An exact copy of the data is required. No picture may appear in it.

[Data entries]
+ + + +
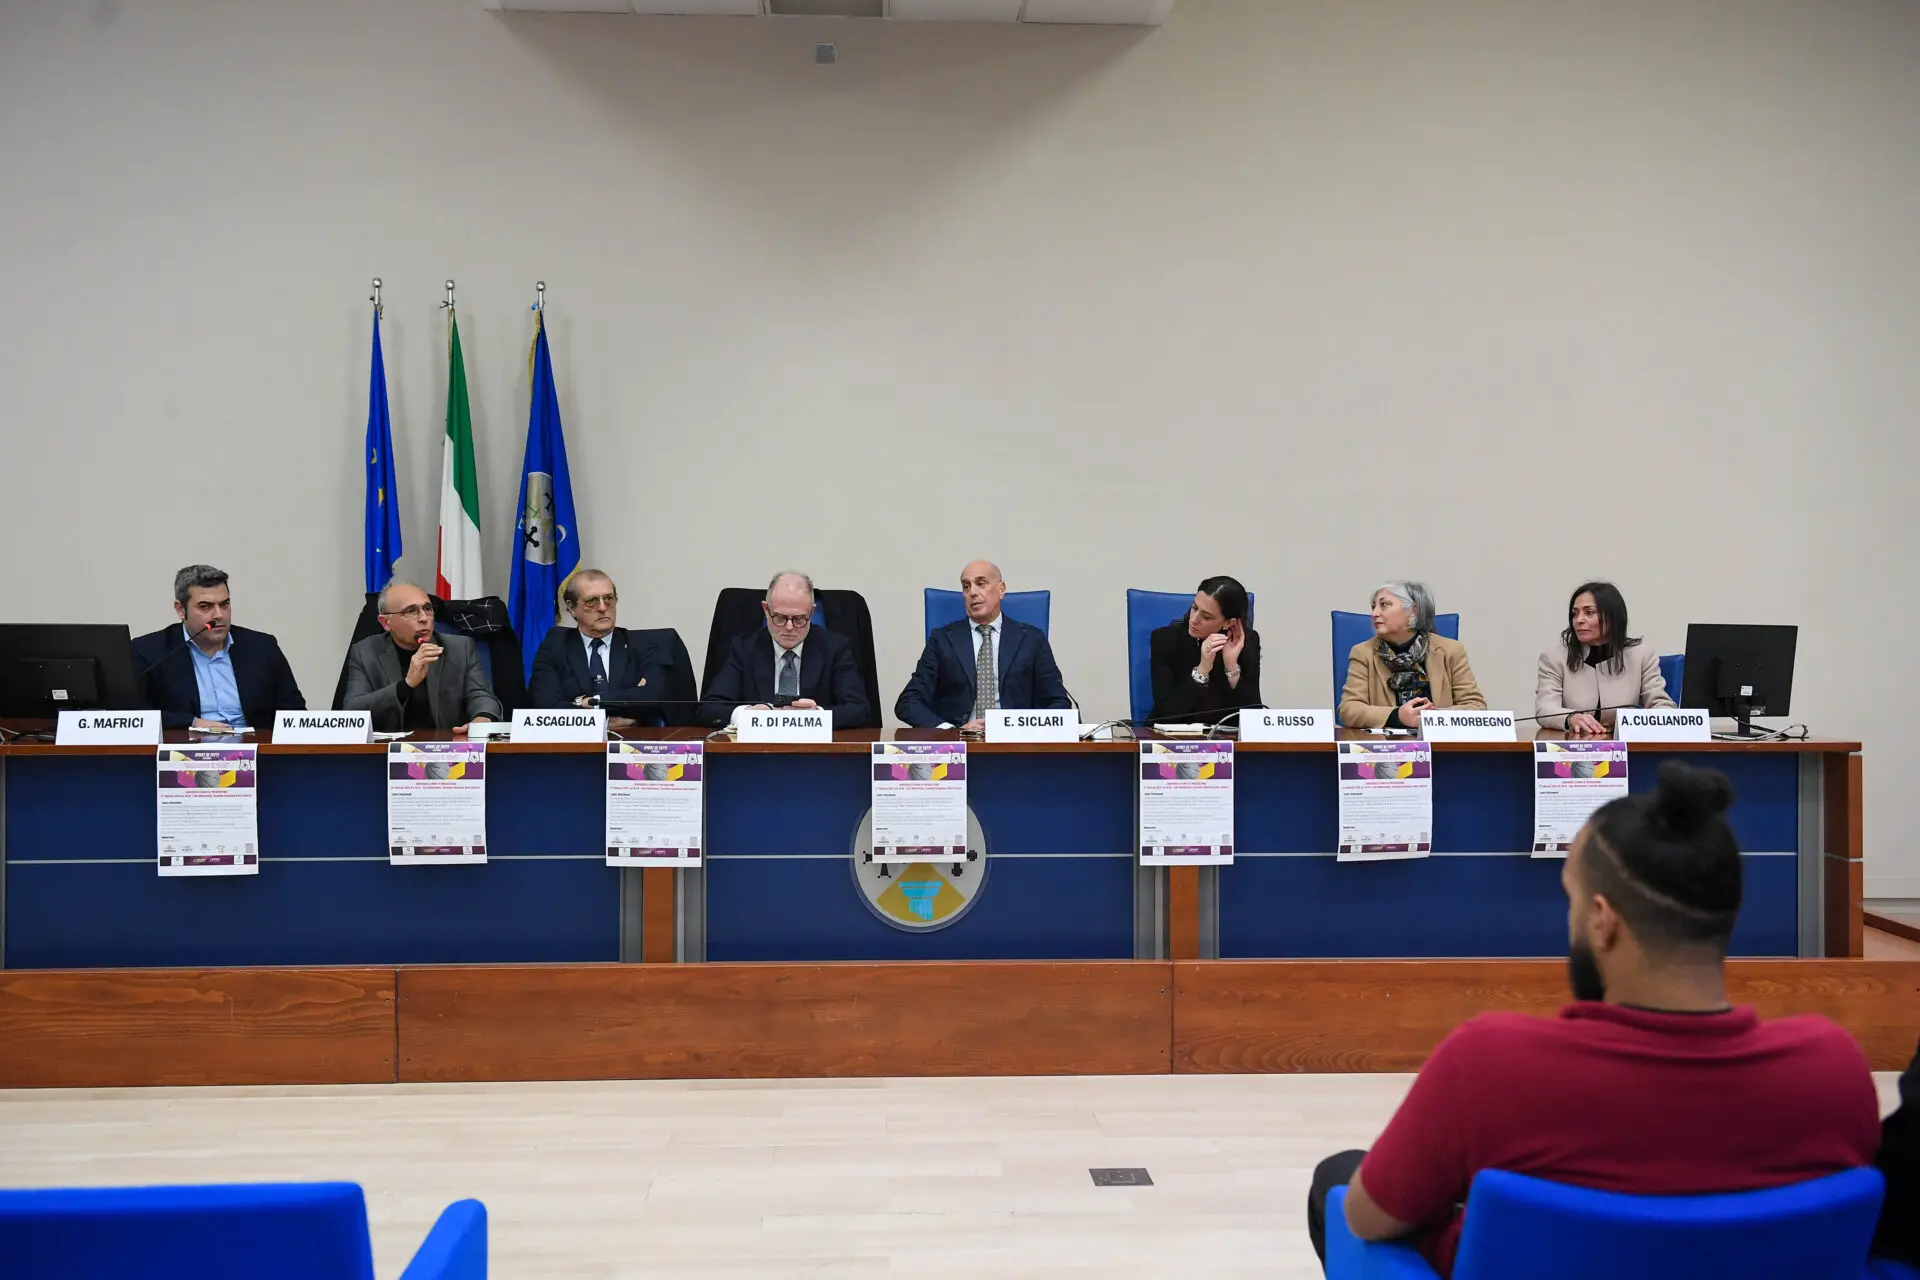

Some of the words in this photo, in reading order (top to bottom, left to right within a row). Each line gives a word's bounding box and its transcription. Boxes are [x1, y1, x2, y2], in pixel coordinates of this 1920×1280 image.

[78, 718, 90, 729] G.
[93, 717, 144, 729] MAFRICI
[282, 717, 296, 729] W.
[298, 717, 365, 729] MALACRINO
[536, 715, 596, 727] SCAGLIOLA
[751, 716, 763, 728] R.
[766, 716, 779, 728] DI
[782, 716, 823, 728] PALMA
[1003, 716, 1015, 727] E.
[1017, 716, 1064, 727] SICLARI
[1263, 715, 1275, 727] G.
[1277, 715, 1315, 727] RUSSO
[1450, 716, 1512, 727] MORBEGNO
+ + + +
| Exercise result |
Some of the words in this photo, in reading order (top to bottom, left to right within a row). Each line gives a word's bounding box and its transcription. Boxes are [x1, y1, x2, y2], in pixel coordinates of this 1920×1280 image.

[78, 718, 90, 729] G.
[93, 717, 144, 729] MAFRICI
[282, 717, 296, 729] W.
[298, 717, 365, 729] MALACRINO
[536, 715, 596, 727] SCAGLIOLA
[751, 716, 763, 728] R.
[766, 716, 779, 728] DI
[782, 716, 823, 728] PALMA
[1003, 716, 1015, 727] E.
[1017, 716, 1064, 727] SICLARI
[1263, 715, 1275, 727] G.
[1277, 715, 1315, 727] RUSSO
[1450, 716, 1512, 727] MORBEGNO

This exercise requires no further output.